Simply because OMB states what the agency is allowed does not mean that the agency head has to accept OMB's position. OMB may be bluffing, or OMB may not understand what is going on (for example, not fully representing the President's political position on an issue). The agency head may know better, and may decide to get back with the OMB director or even to appeal to the President.
The agency has to analyze the OMB passback and its implications, and decide whether or not there is value in appealing the passback. The appeal decision ultimately belongs to the agency head, and only the agency head can make the appeal to the President. Substitutes do not work on appeals.
An appeal can be based on a sense of fairness or justice, program's importance, prior decisions or precedents, new developments since the submission of the budget request, overlooked facts, and anything else that may help. It is usually a combination.

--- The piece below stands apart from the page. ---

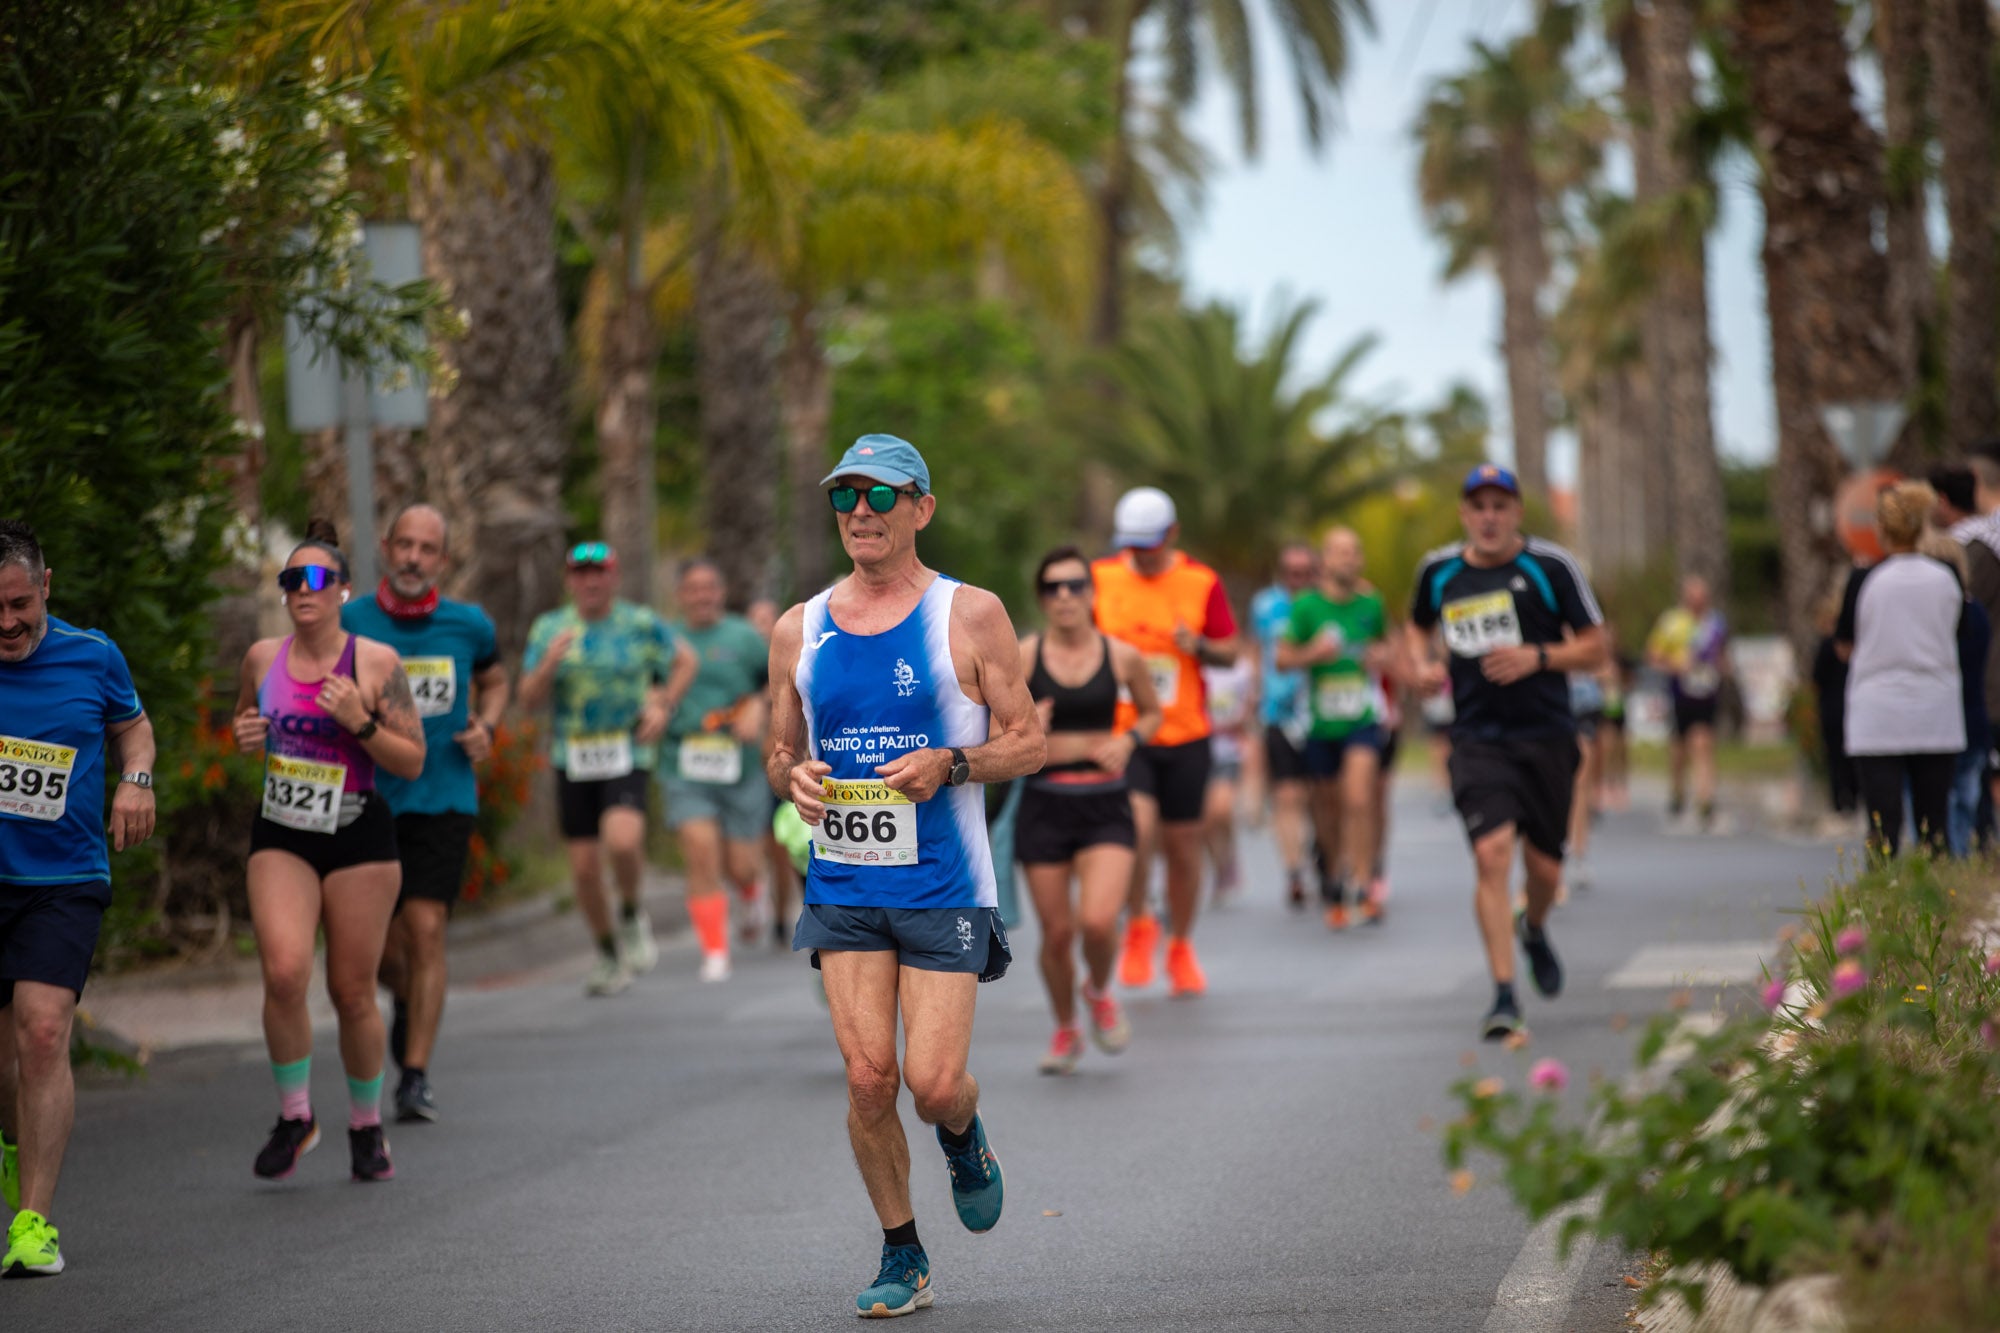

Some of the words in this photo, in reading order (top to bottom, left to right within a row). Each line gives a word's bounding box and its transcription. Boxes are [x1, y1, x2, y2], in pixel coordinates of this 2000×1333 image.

Operating component officials do not play a direct role in the appeals process. They may if they are responsible for a major element of what the agency head may be considering to appeal. The analysis of the passback may also involve various agency operating components.
After the passback, but must be done before final decisions are made on the budget by OMB or the President. (See To OMB, Timing for the timing of the decisions.)
Documents and Links
There are no public documents. The appeal itself may be a letter or memorandum, or may simply involve a few phone calls or even a meeting with the President. Prior to a meeting with the President there will be many briefing papers prepared, both by the agency and OMB.
Sometimes the press reports on what is going on. A good example of how the process plays out and its dynamics is in the December 8, 1998, issue of the Wall Street Journal: "Agencies Start Lobbying For Pet Projects in Budget" by Jacob M. Schlesinger and Bob Davis.